Starting at the line that contains "Some of the text", transcribe each line exactly through the last line of the data. Include nothing else.
↓
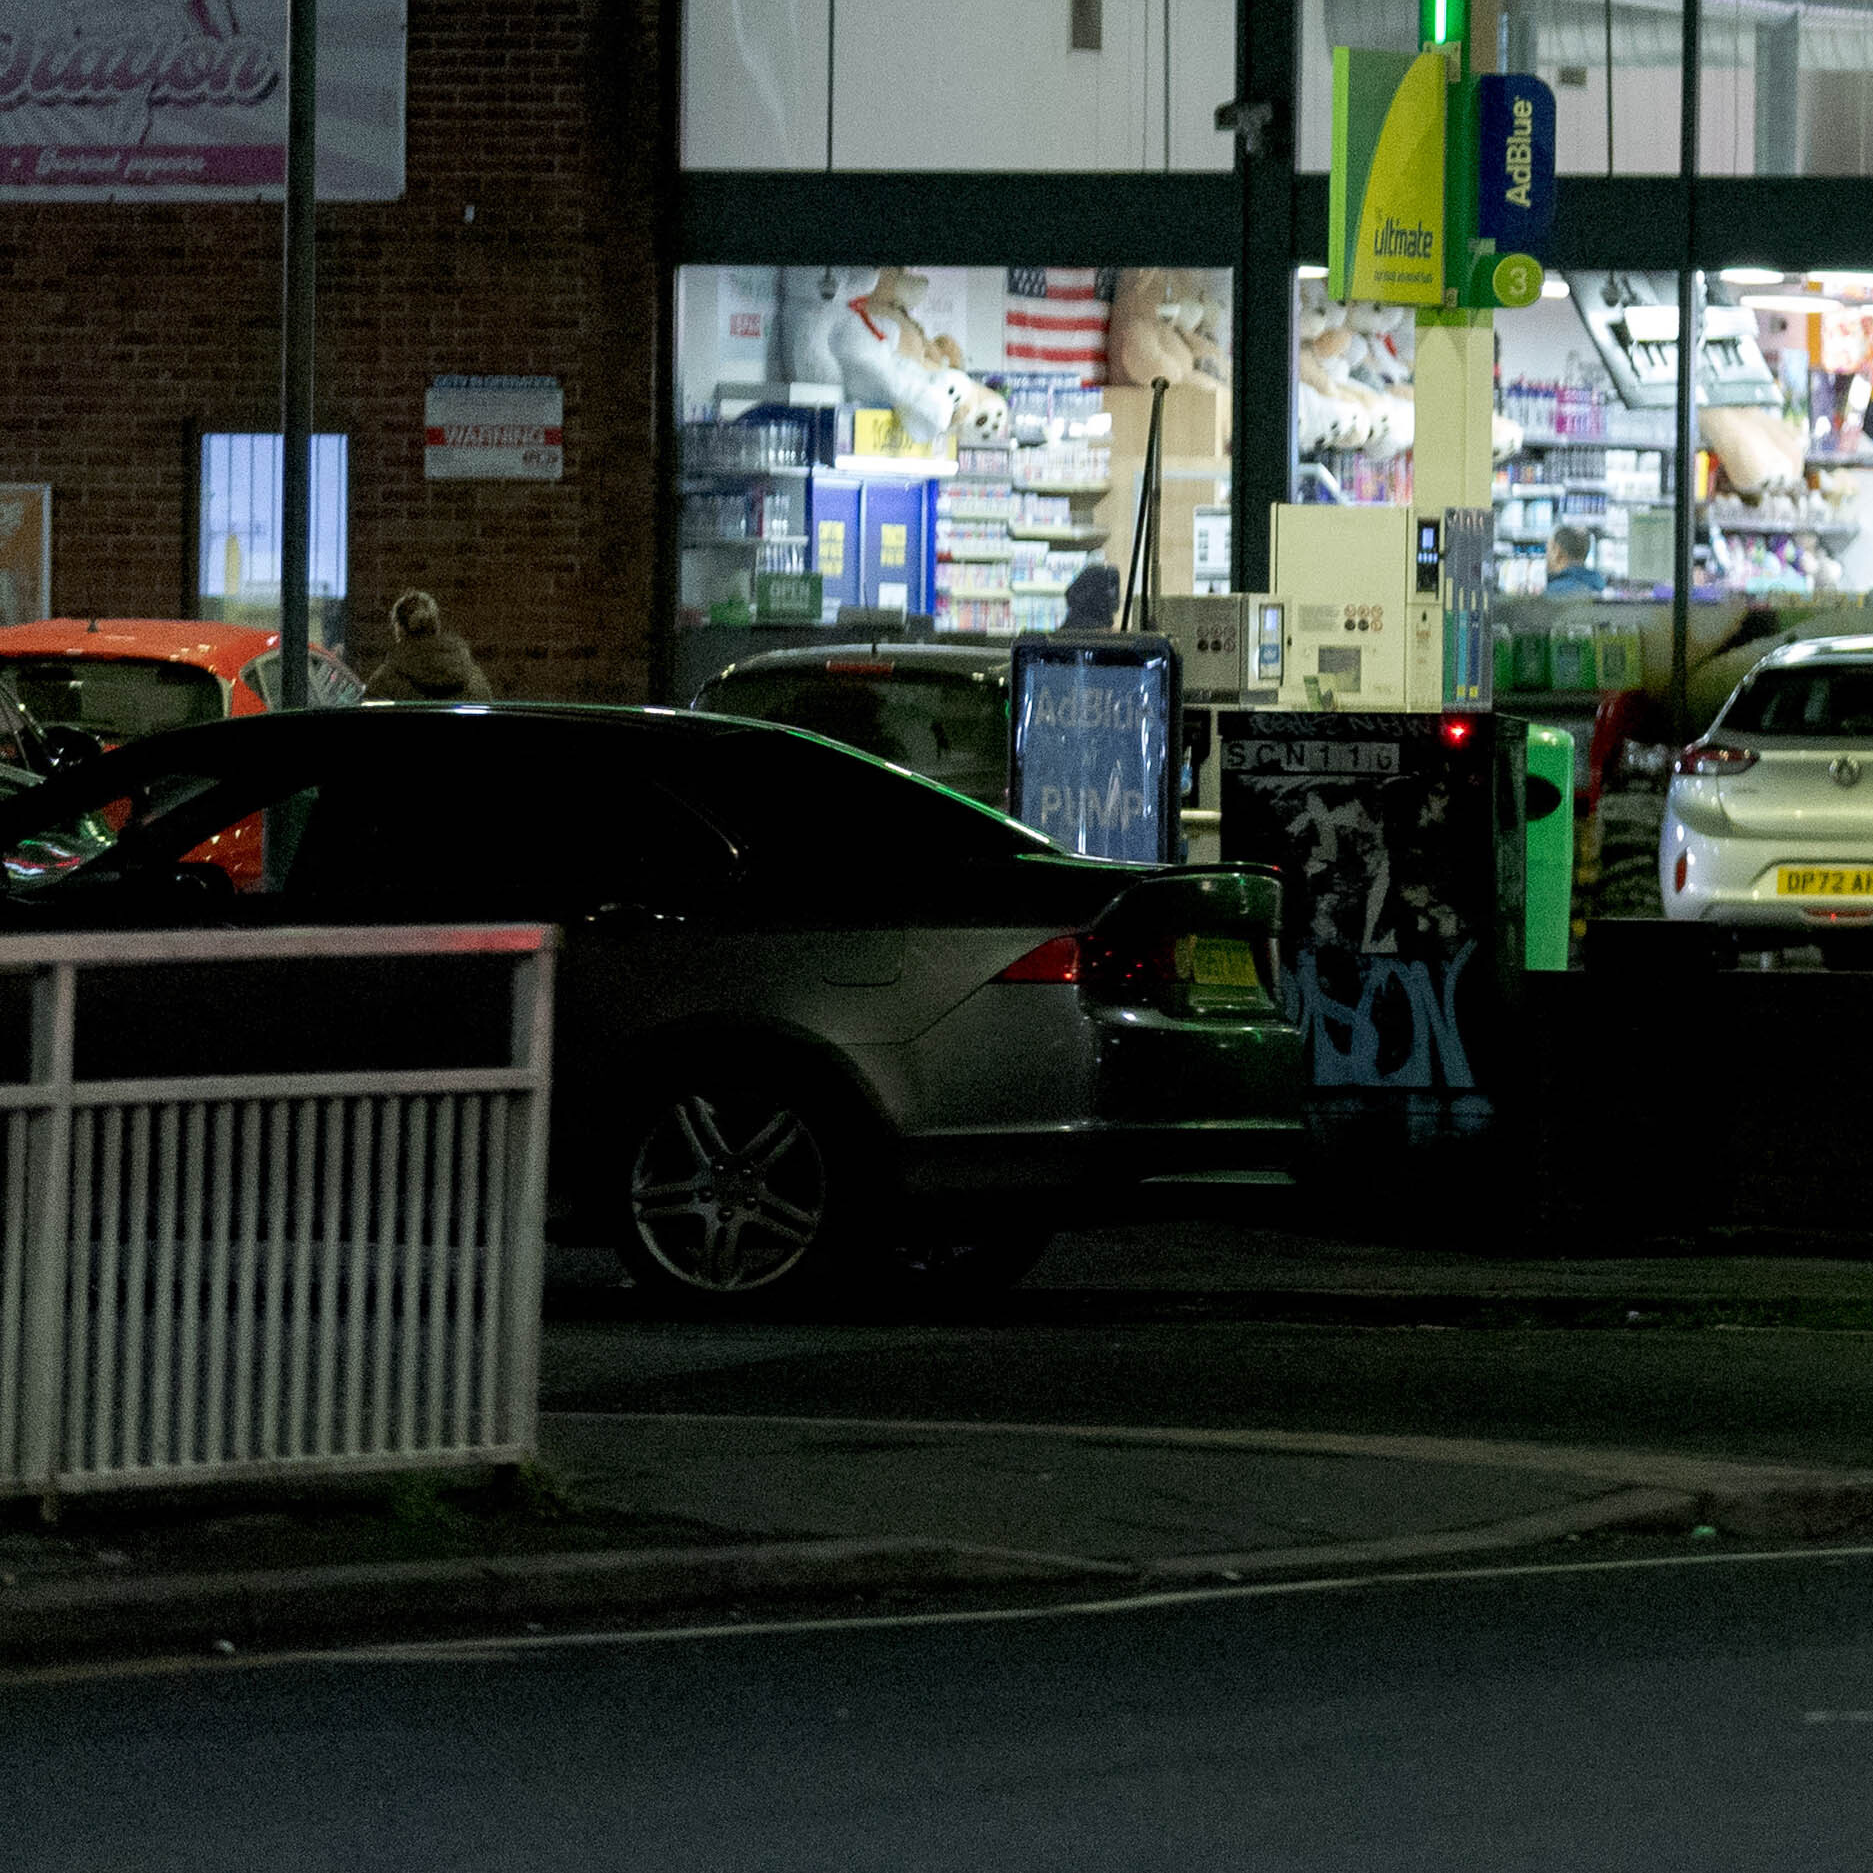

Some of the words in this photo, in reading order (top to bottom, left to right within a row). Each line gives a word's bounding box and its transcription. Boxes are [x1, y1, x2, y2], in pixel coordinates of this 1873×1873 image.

[1504, 95, 1535, 208] AdBlue
[1373, 217, 1434, 259] ultimate
[1509, 265, 1529, 296] 3
[1785, 869, 1844, 893] DP72
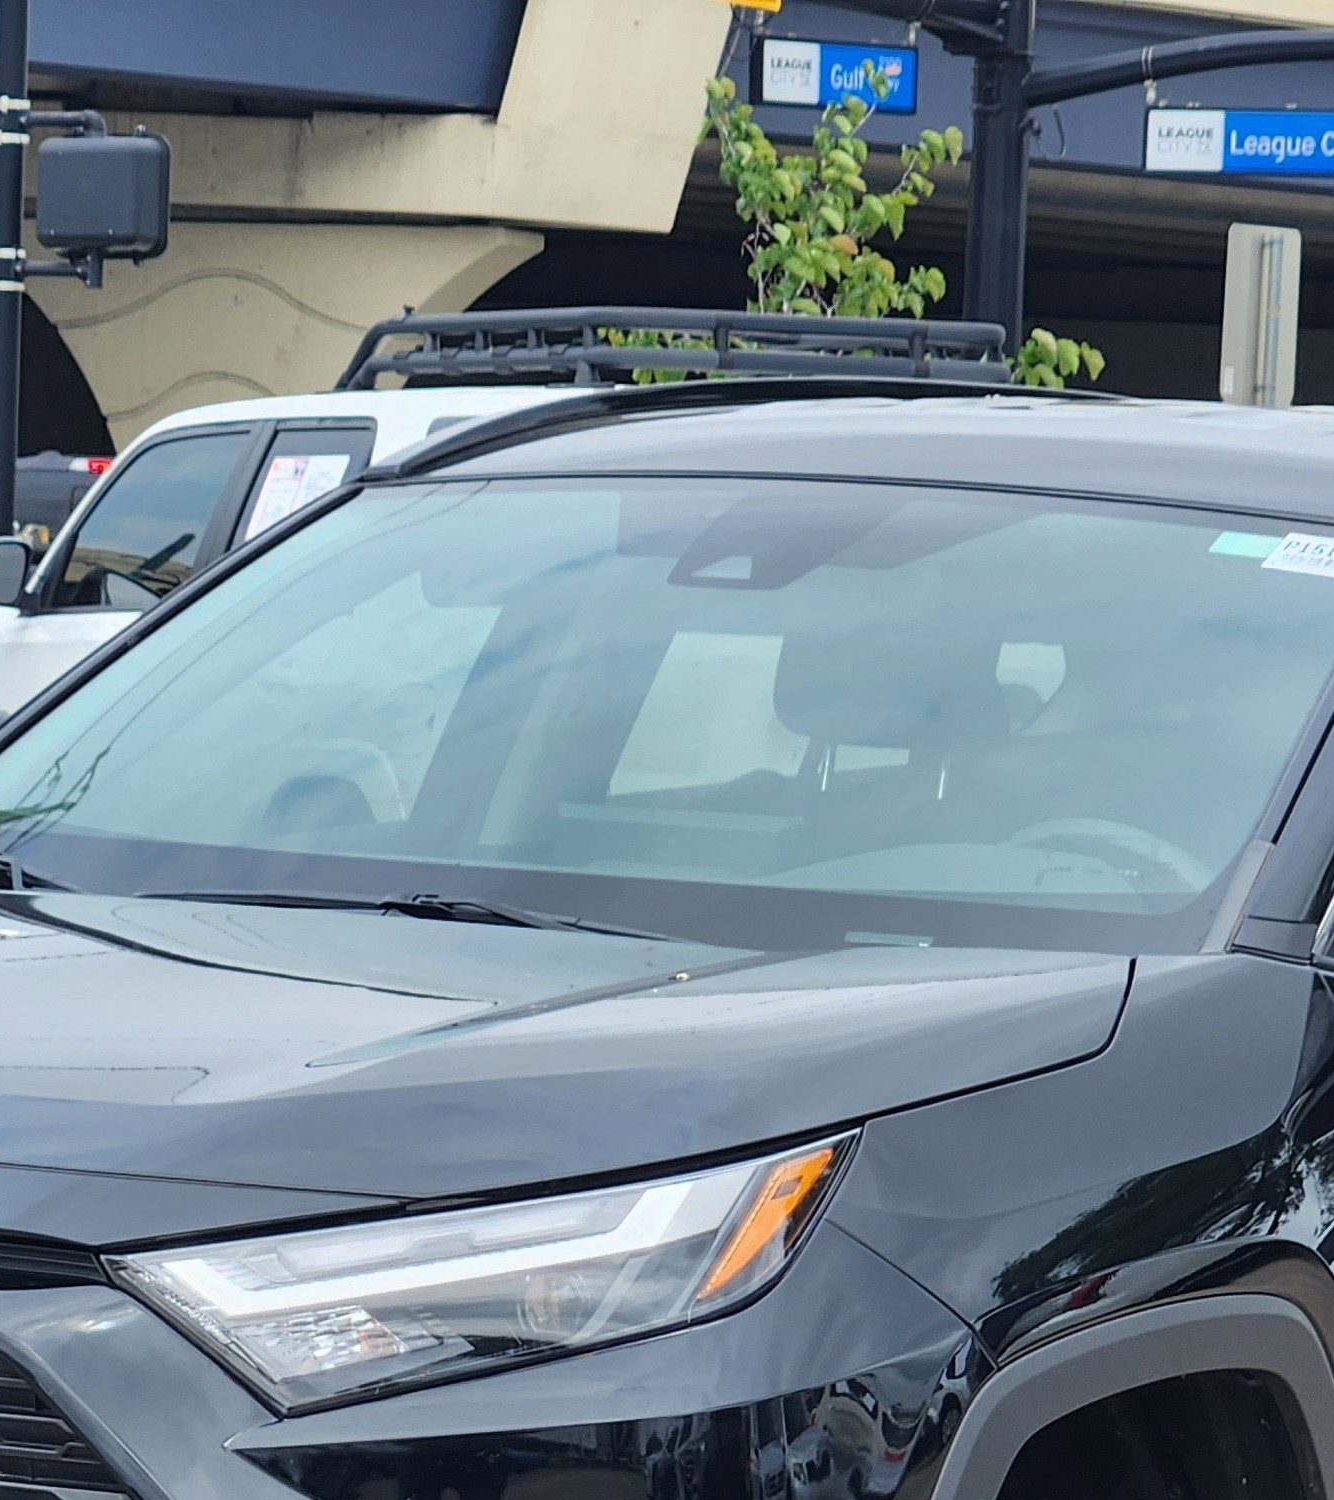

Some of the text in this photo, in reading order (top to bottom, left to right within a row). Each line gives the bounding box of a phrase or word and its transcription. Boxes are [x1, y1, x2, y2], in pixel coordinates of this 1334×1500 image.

[770, 56, 813, 70] LEAGUE
[830, 62, 865, 90] Gulf
[1157, 126, 1214, 139] LEAGUE
[1229, 128, 1317, 164] League
↑
:: Your response ::
Some of the text in this photo, in reading order (top to bottom, left to right within a row). Each line gives the bounding box of a phrase or word and its transcription. Boxes are [x1, y1, x2, y2], in pixel coordinates of this 1334×1500 image.

[770, 56, 813, 70] LEAGUE
[830, 62, 865, 90] Gulf
[1157, 126, 1214, 139] LEAGUE
[1229, 128, 1317, 164] League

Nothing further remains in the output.